Activity:
Please repeat the records below exactly, skipping any pictures.

Material provided:
☆ ☆ ☆ ☆
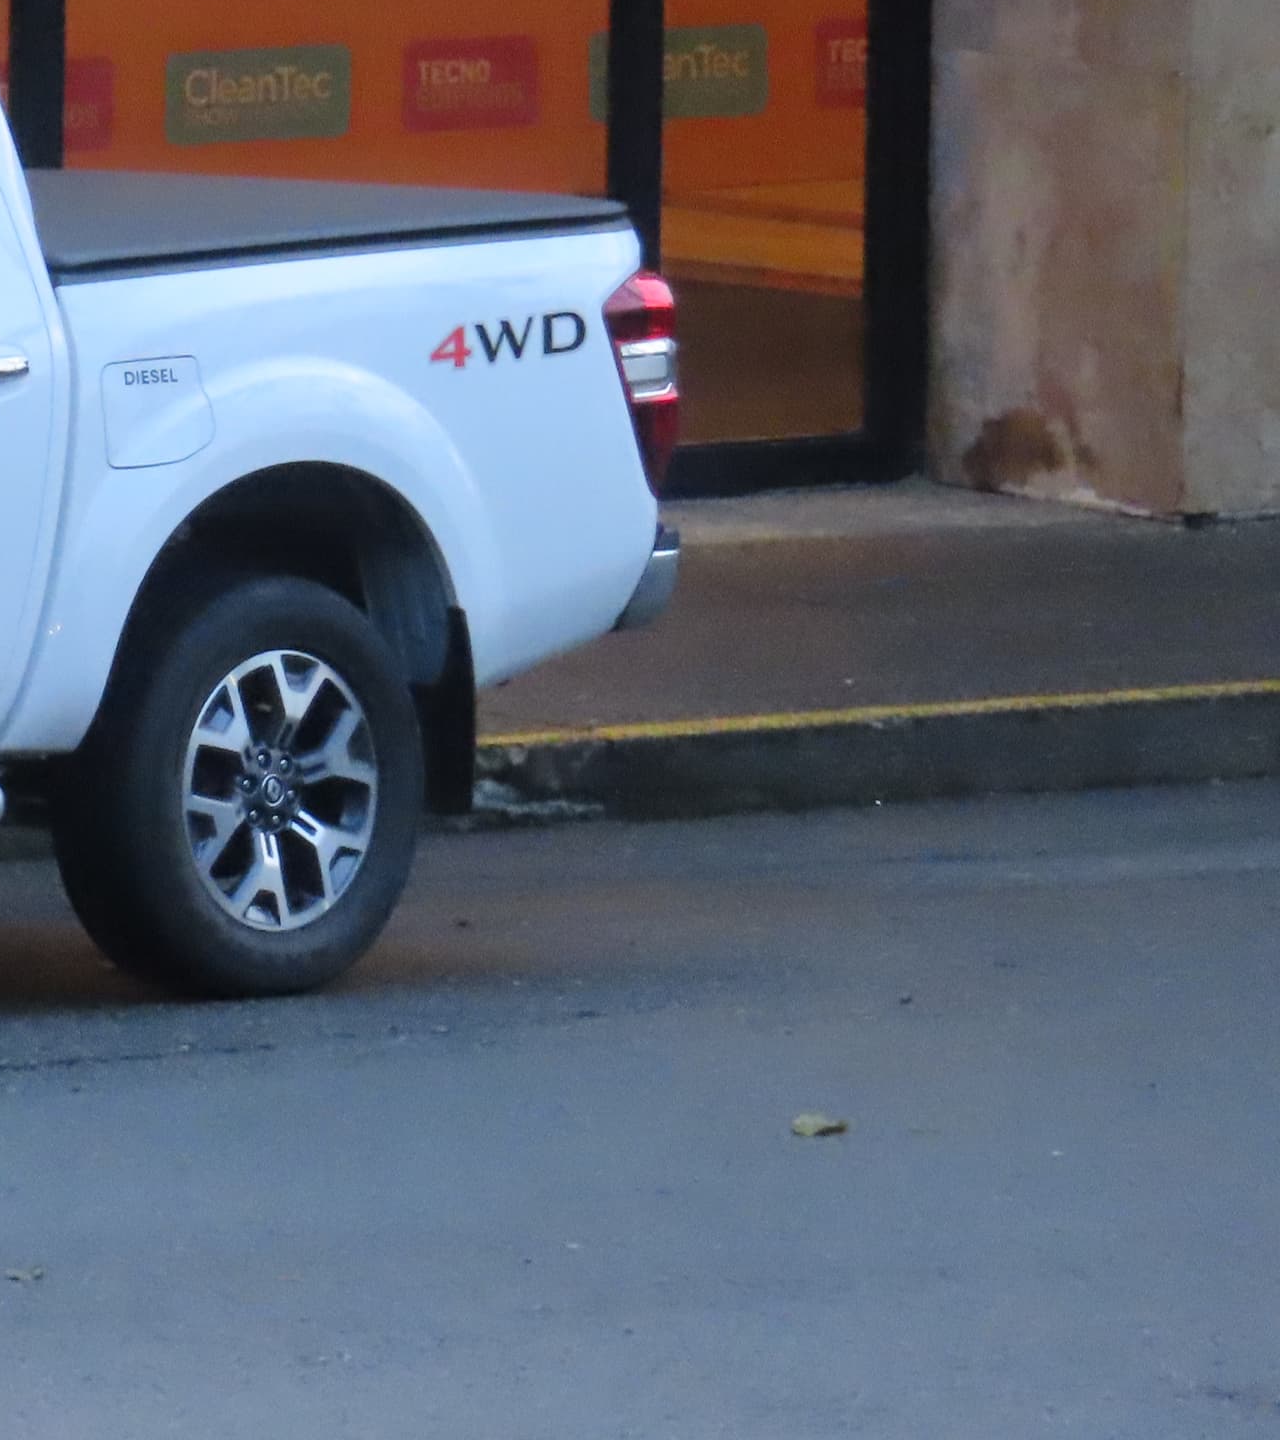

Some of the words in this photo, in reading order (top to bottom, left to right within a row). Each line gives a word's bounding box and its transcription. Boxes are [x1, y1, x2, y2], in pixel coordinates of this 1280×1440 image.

[184, 66, 332, 107] CleanTec
[418, 58, 491, 86] TECNO
[429, 311, 587, 368] 4WD
[124, 368, 179, 386] DIESEL
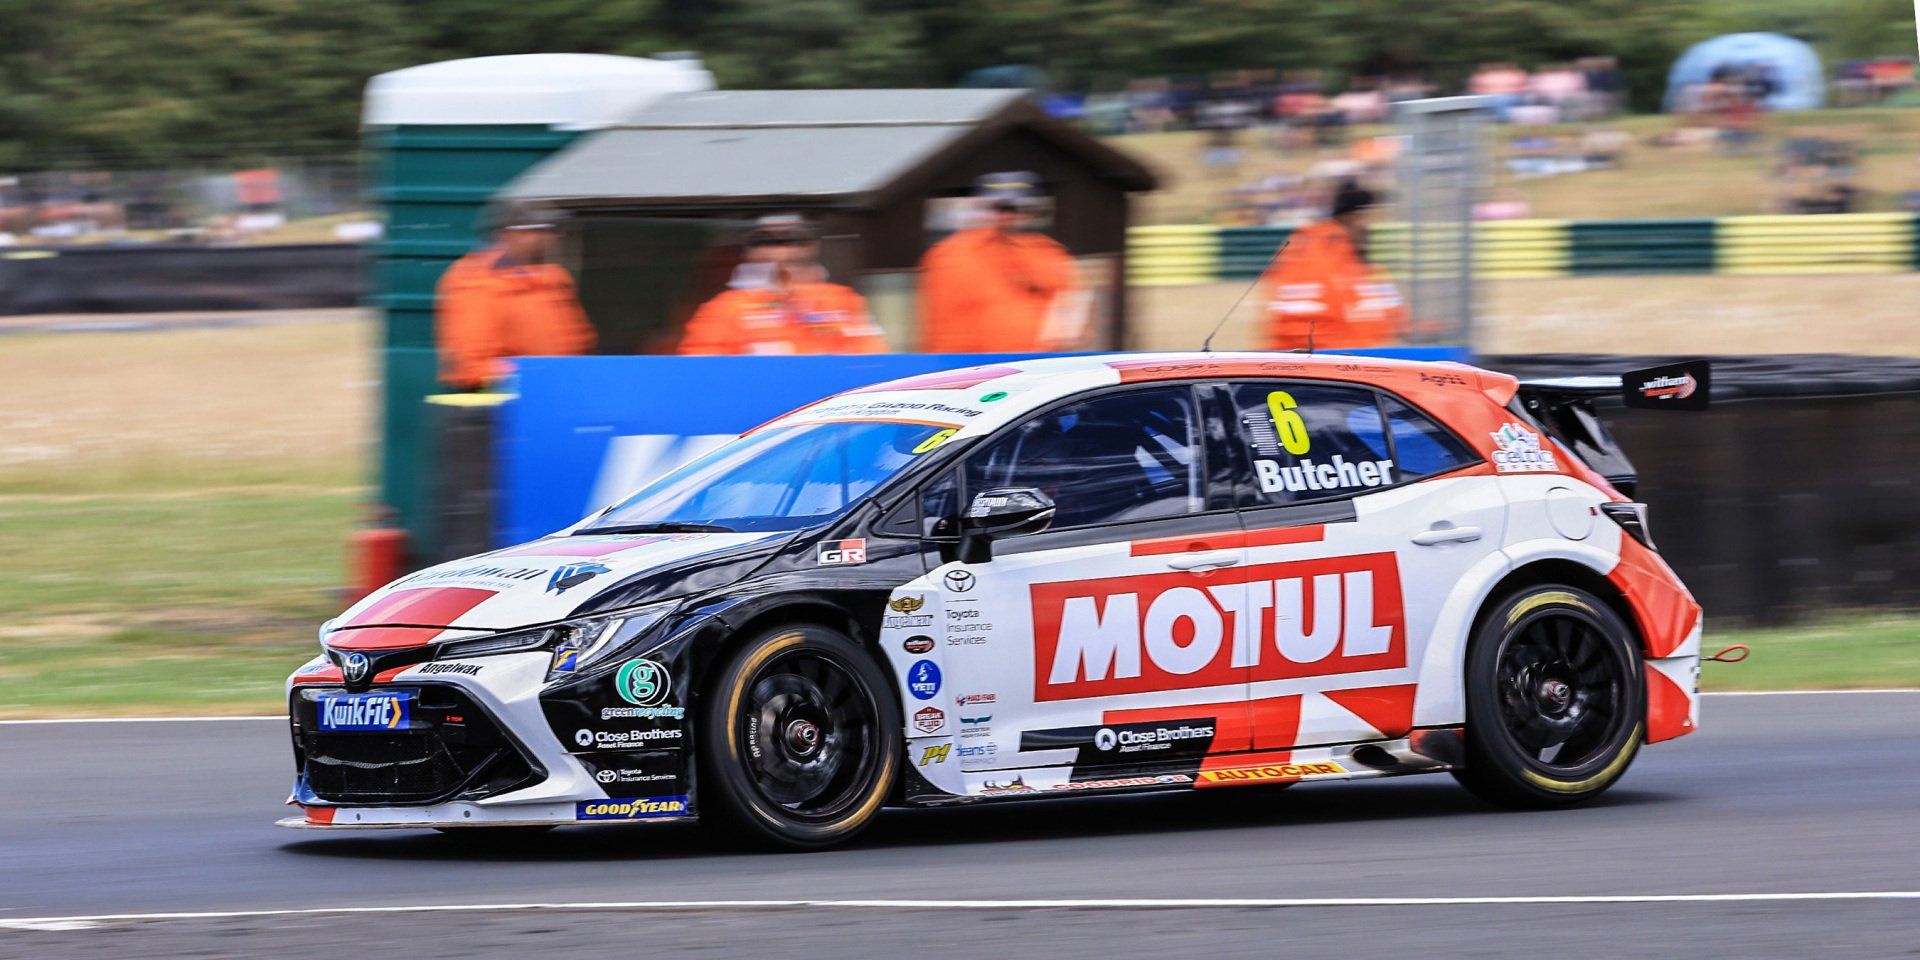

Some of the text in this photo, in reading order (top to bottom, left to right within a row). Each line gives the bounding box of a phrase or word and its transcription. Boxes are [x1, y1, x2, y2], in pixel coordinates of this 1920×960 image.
☆ ☆ ☆ ☆
Reply to the exercise:
Some of the words in this photo, in reading order (top to bottom, left to right within a row). Each line gives a word's bounding box and its transcription. Boxes are [x1, y1, x2, y2], in pixel coordinates of this 1280×1440 image.

[184, 66, 332, 107] CleanTec
[418, 58, 491, 86] TECNO
[429, 311, 587, 368] 4WD
[124, 368, 179, 386] DIESEL

Some of the text in this photo, in reading order (top to bottom, left to right within a row). Each line gives the bounding box of a phrase or word and its transcription. Boxes are [x1, y1, x2, y2], in pixel coordinates of this 1920×960 image.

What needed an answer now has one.